- _WHAT TO PRODUCE_
In the records below, find the line that holds "this 1920×1080 image.". Restate it and every later line exactly, stopping at the end and skipping pictures.
***** MATERIAL FOR THE TASK
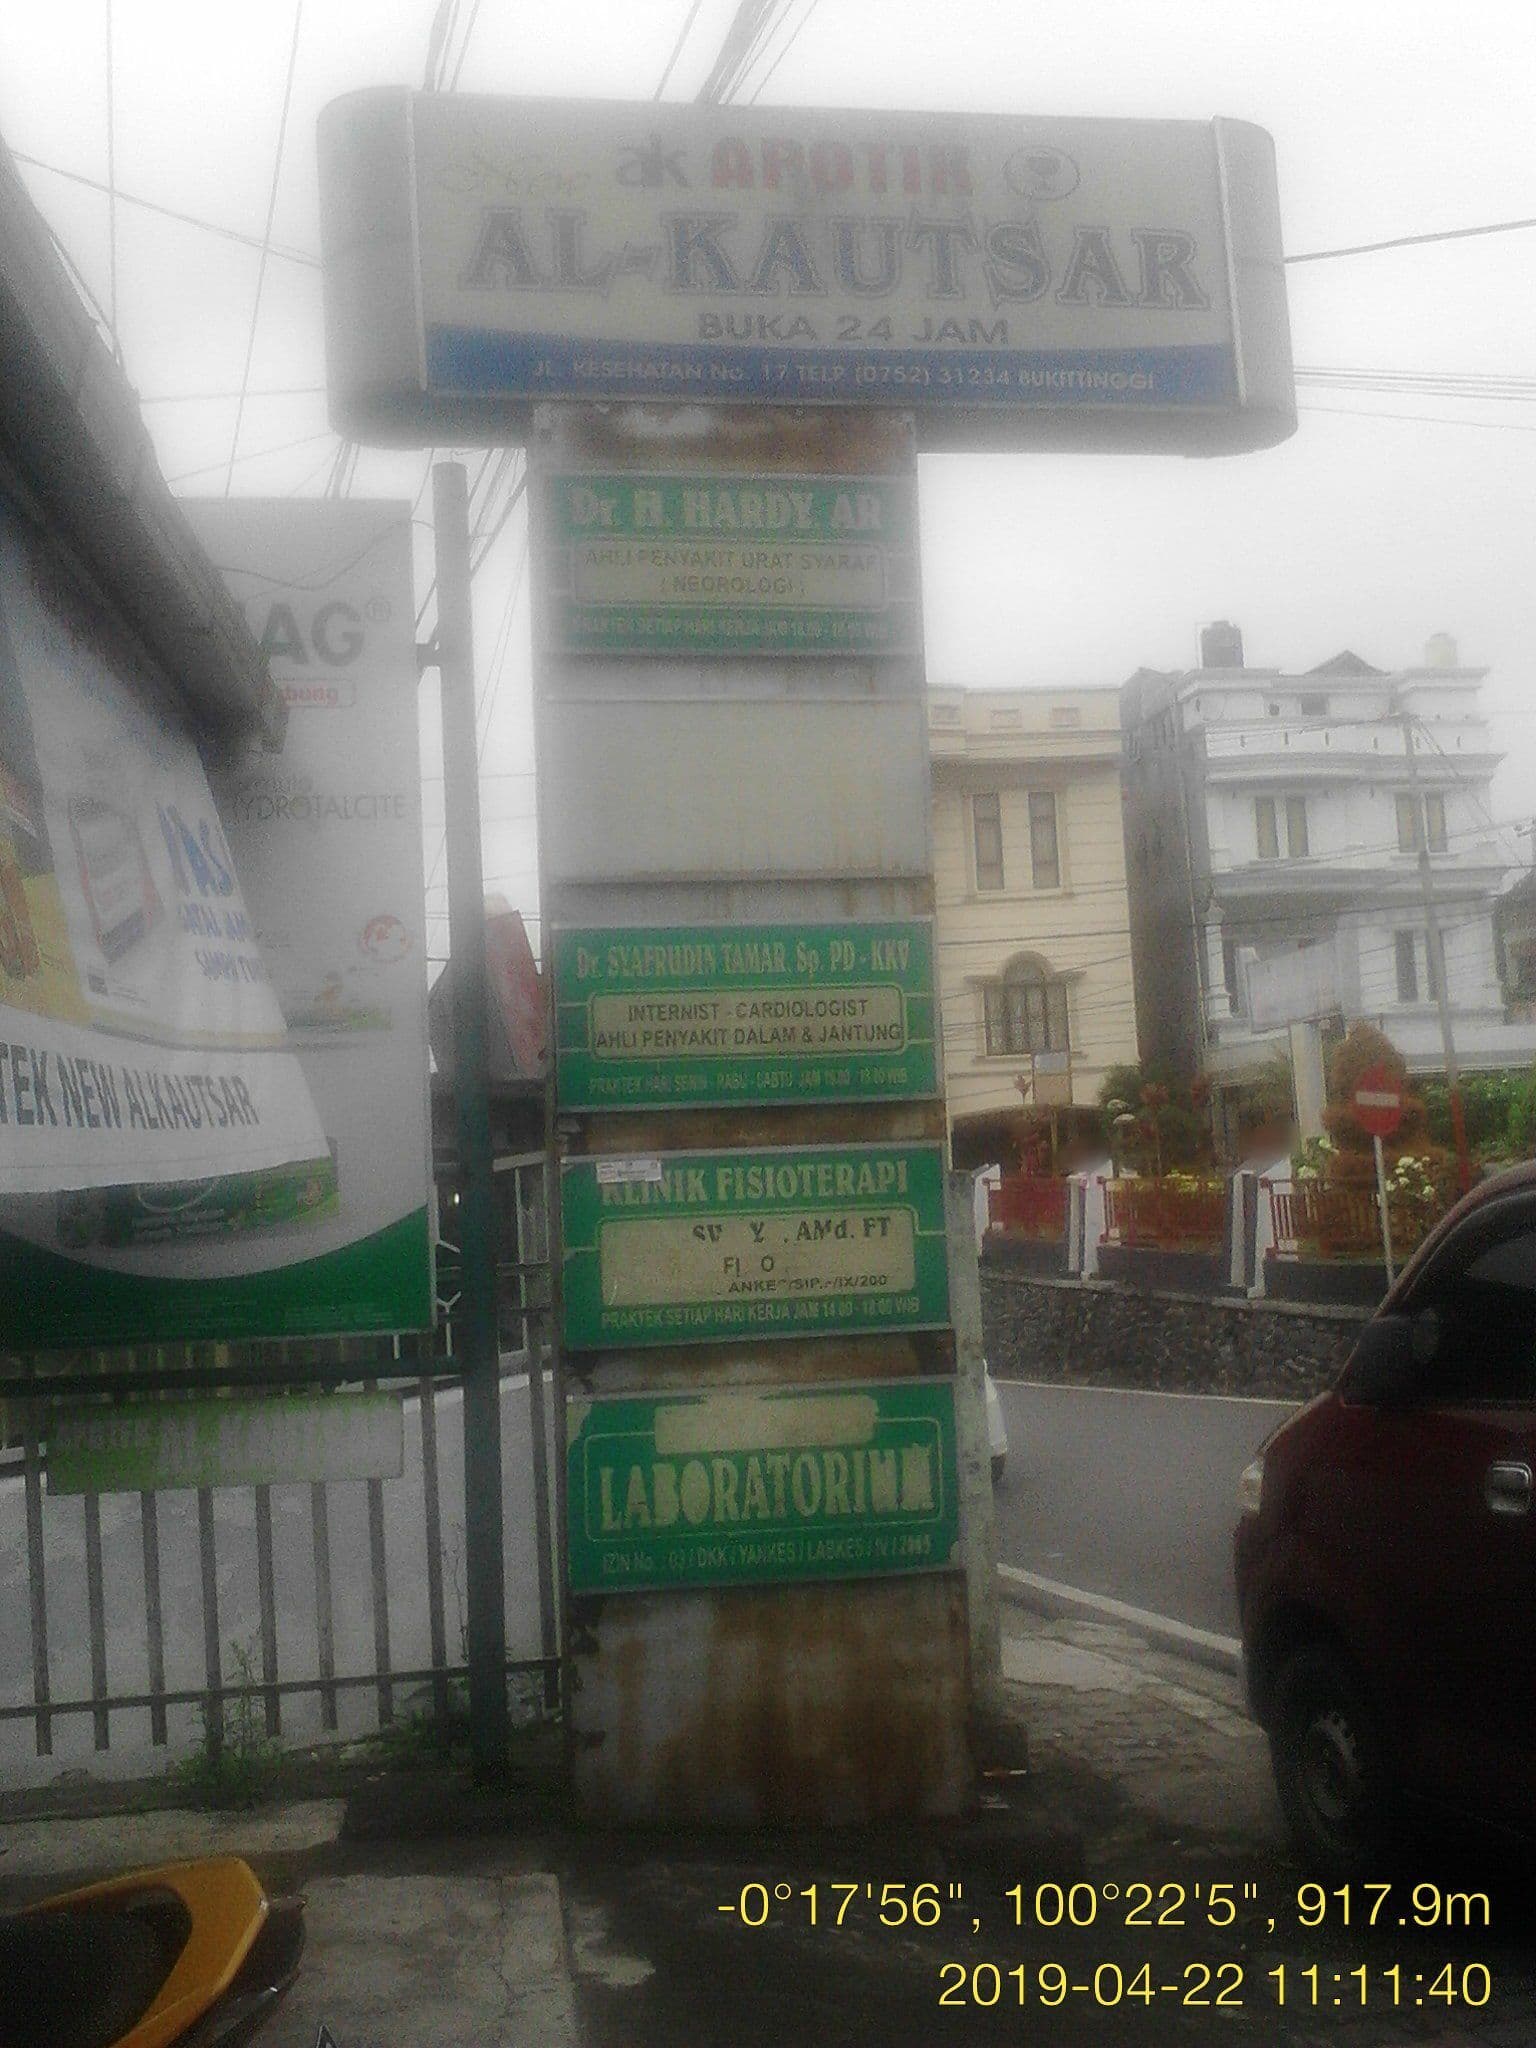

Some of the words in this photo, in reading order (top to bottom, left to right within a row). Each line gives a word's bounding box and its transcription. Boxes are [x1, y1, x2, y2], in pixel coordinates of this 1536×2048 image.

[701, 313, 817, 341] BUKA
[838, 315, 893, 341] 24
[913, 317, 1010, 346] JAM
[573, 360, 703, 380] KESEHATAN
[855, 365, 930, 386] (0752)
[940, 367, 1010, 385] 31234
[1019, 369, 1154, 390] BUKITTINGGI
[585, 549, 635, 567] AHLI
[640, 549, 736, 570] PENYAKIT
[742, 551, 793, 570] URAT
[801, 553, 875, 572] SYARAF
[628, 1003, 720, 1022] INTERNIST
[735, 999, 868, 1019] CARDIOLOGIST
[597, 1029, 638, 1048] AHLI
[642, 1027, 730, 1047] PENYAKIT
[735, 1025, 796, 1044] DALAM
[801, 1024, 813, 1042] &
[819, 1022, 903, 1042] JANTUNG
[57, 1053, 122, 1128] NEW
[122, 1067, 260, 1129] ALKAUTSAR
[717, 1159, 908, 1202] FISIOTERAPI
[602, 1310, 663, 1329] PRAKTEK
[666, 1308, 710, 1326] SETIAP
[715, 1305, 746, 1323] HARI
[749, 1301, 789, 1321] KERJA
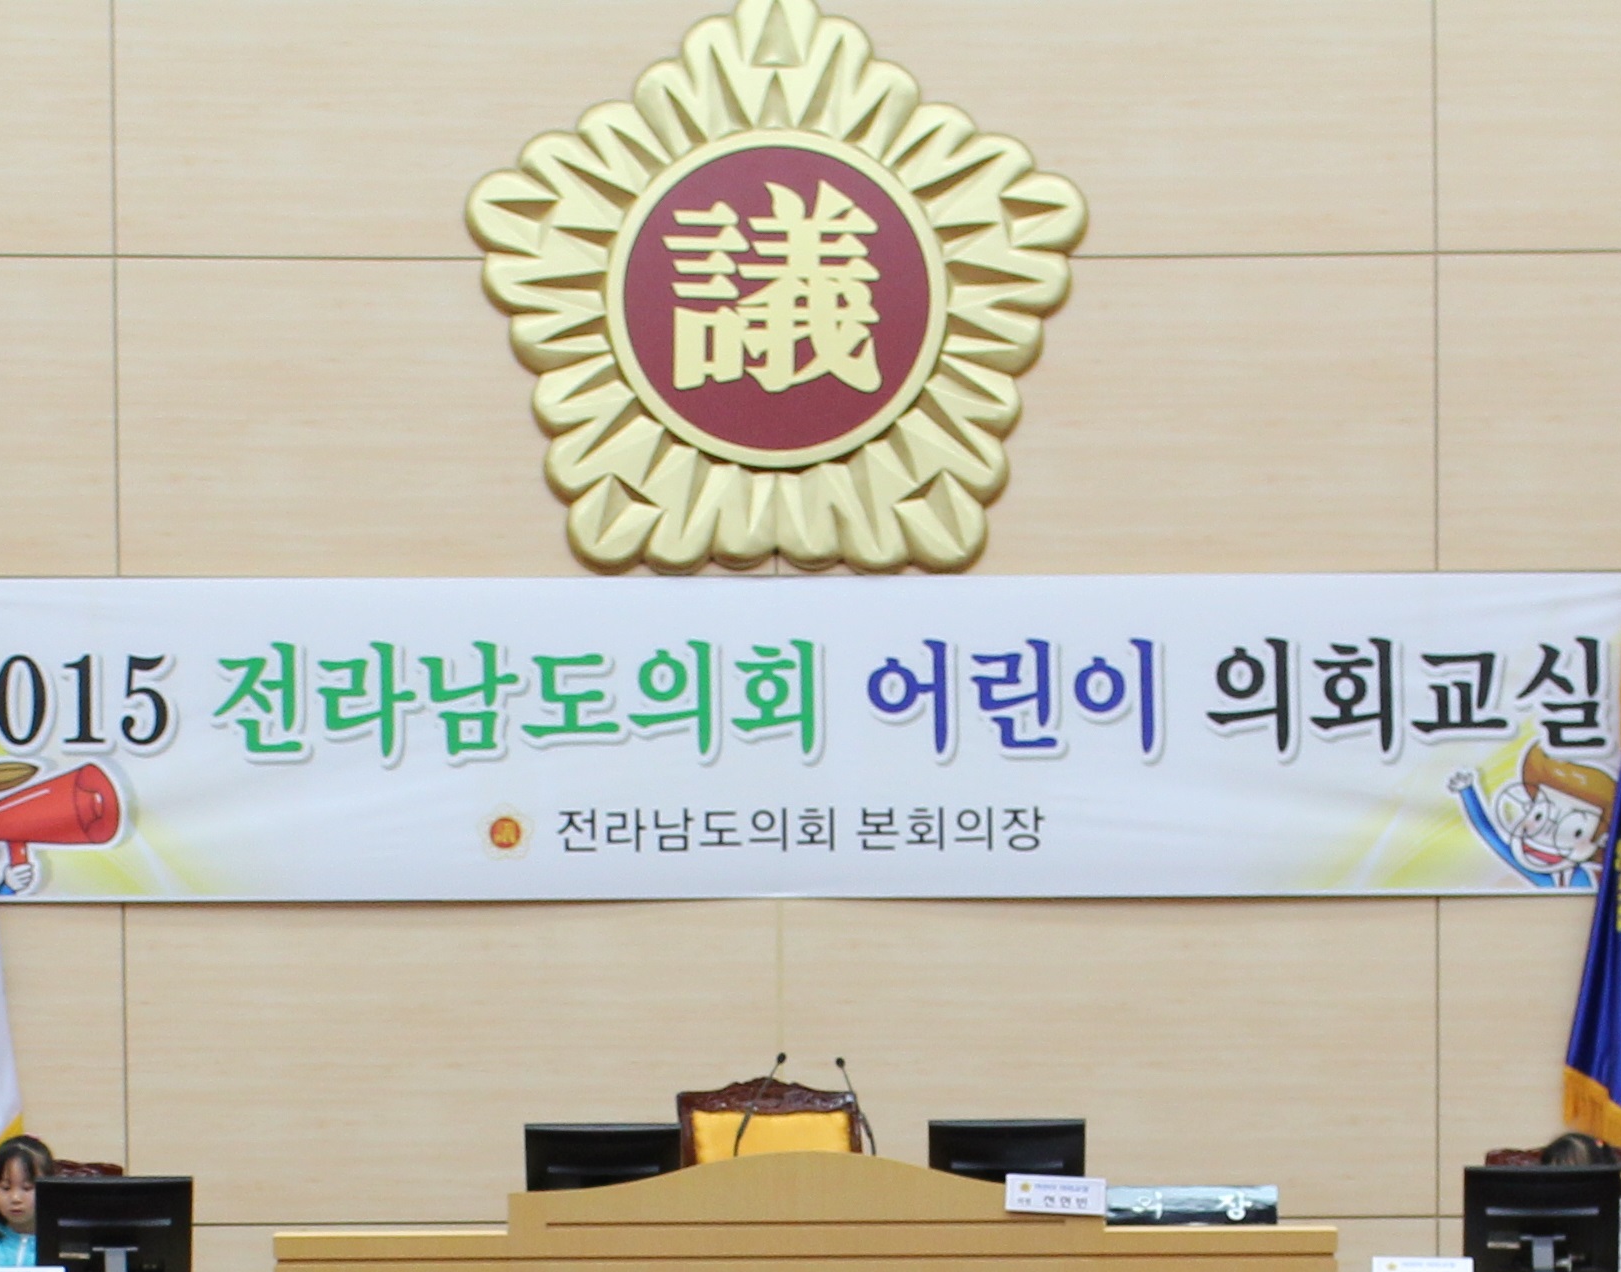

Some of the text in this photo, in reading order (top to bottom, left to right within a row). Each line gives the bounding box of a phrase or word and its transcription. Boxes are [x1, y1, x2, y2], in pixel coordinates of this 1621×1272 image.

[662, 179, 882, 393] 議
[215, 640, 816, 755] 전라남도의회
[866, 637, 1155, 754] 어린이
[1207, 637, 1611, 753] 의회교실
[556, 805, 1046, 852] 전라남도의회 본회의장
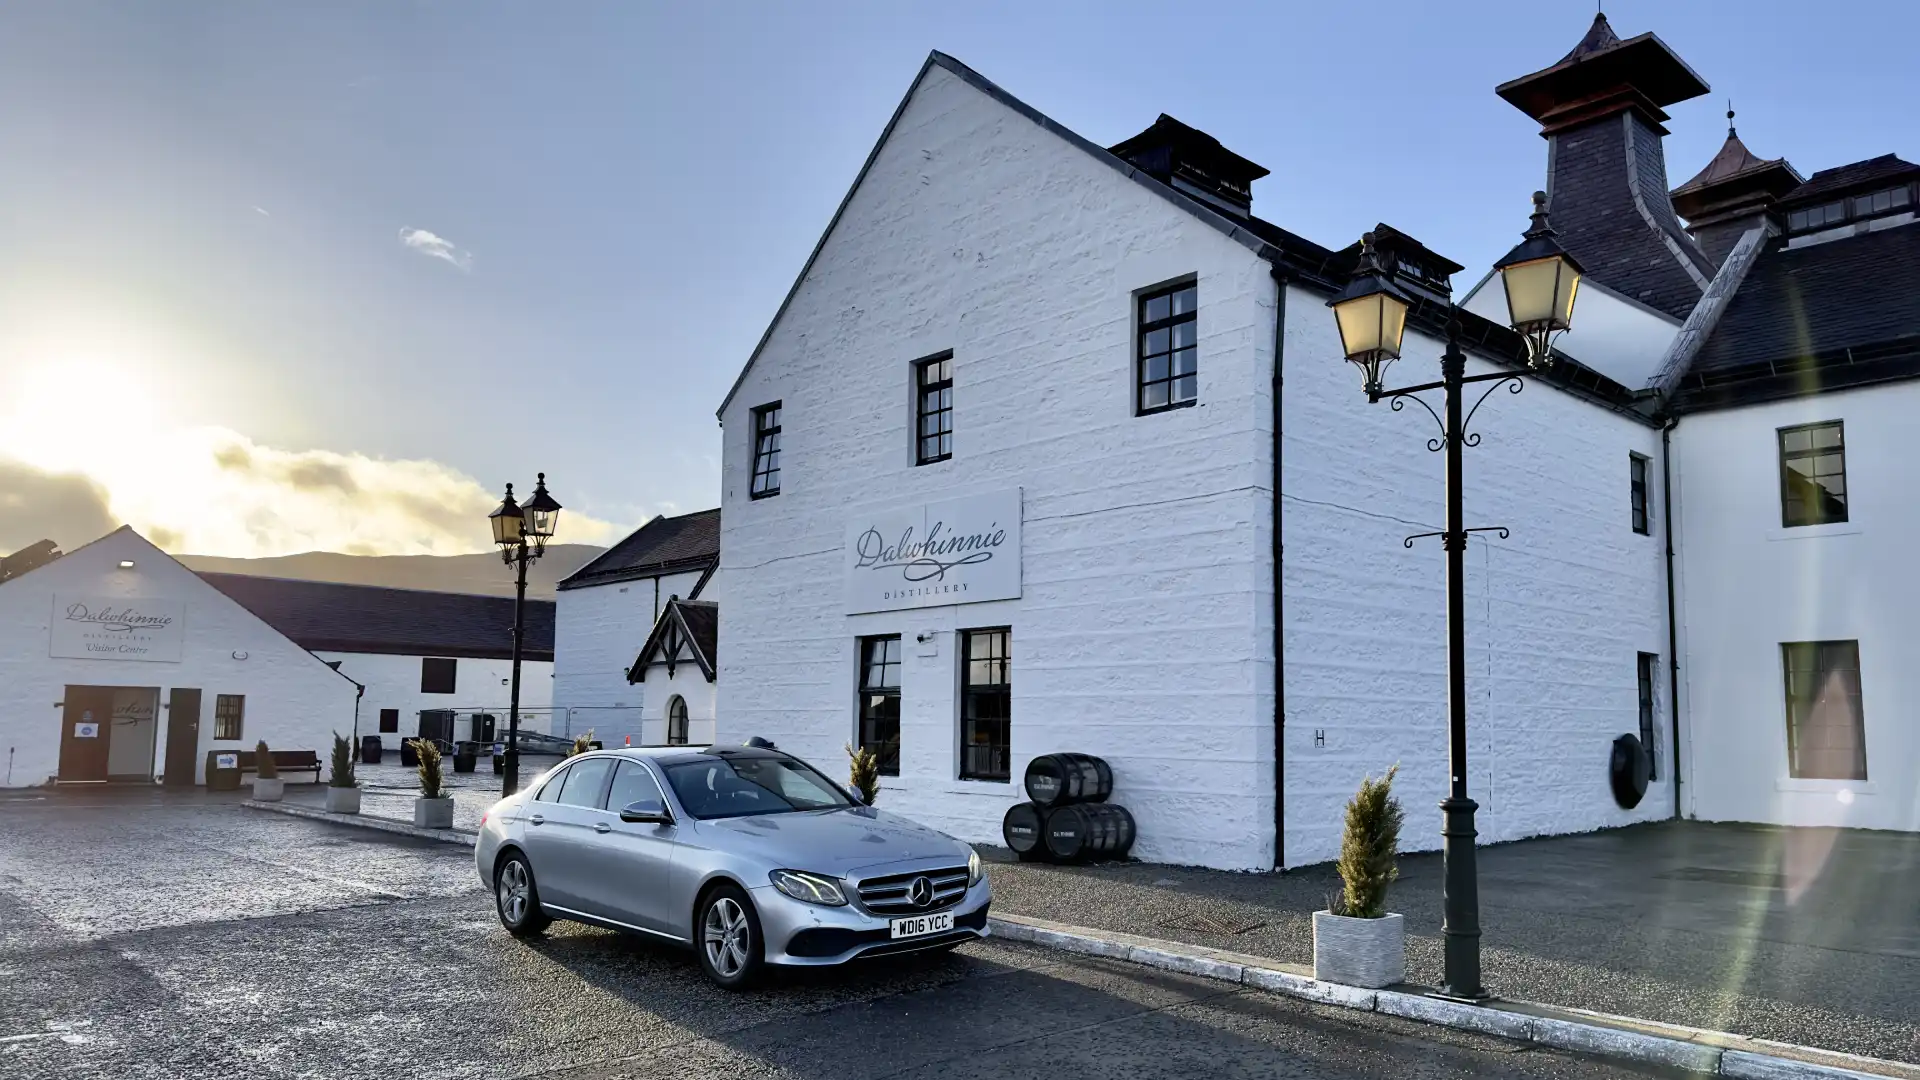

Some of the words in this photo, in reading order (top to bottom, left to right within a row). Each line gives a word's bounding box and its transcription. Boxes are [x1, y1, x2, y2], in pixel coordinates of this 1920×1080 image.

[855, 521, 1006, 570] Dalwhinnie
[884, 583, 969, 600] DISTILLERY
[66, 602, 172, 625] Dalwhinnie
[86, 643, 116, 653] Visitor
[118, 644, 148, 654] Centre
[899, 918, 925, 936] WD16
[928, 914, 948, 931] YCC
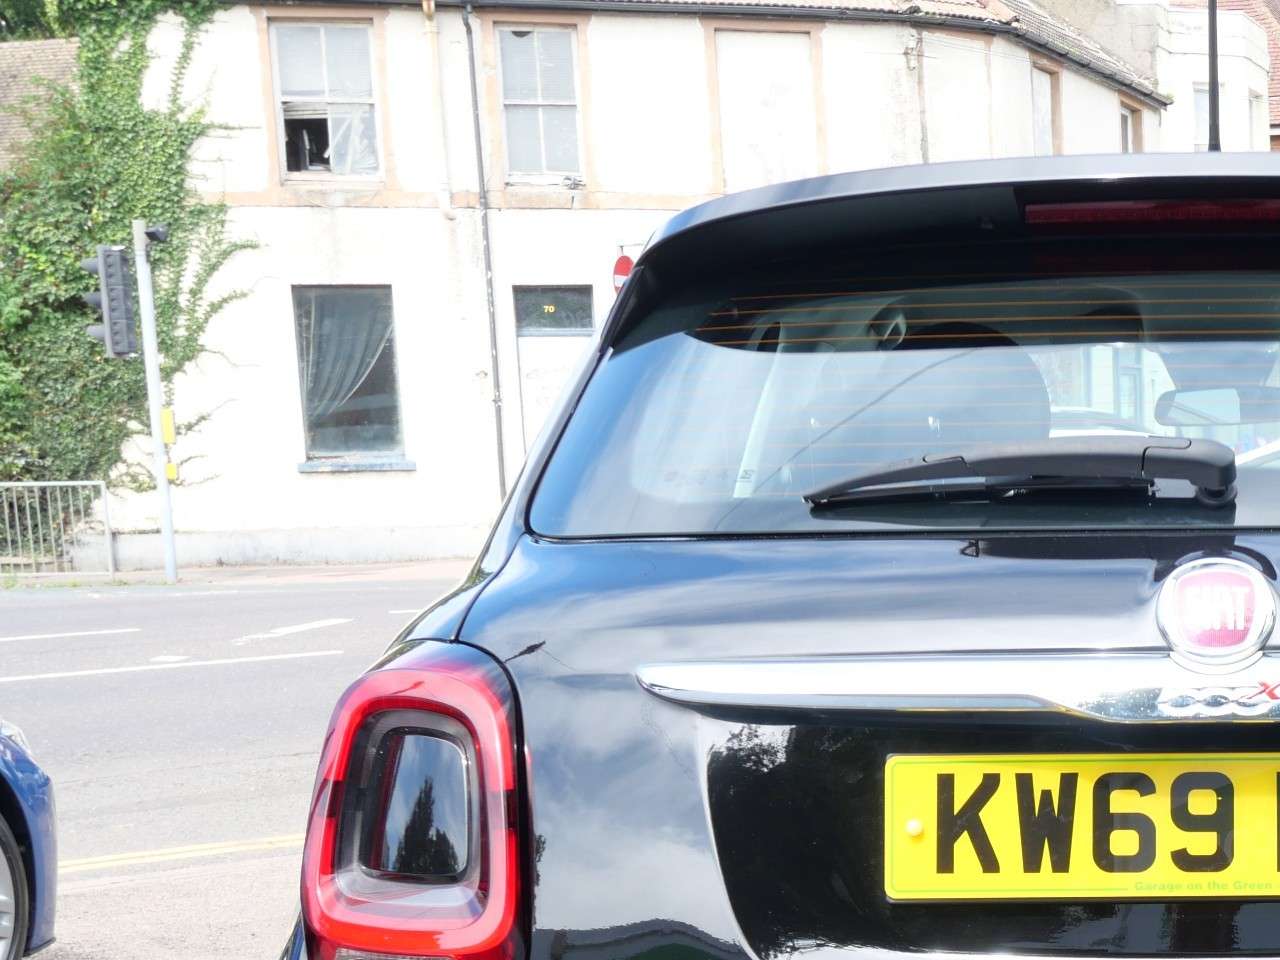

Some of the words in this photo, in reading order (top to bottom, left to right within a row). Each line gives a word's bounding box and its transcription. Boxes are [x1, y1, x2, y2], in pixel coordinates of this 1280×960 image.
**********
- _COMPLETED EXERCISE_
Some of the words in this photo, in reading order (top to bottom, left to right within a row). Each line gives a word's bounding box and its transcription. Boxes are [x1, y1, x2, y2], in pixel coordinates of this 1920×1080 image.

[855, 521, 1006, 570] Dalwhinnie
[884, 583, 969, 600] DISTILLERY
[66, 602, 172, 625] Dalwhinnie
[86, 643, 116, 653] Visitor
[118, 644, 148, 654] Centre
[899, 918, 925, 936] WD16
[928, 914, 948, 931] YCC

Some of the words in this photo, in reading order (top to bottom, left to right within a row). Each line gives a word's bounding box and its transcription. Boxes are [x1, y1, x2, y2], in pixel coordinates of this 1280×960 image.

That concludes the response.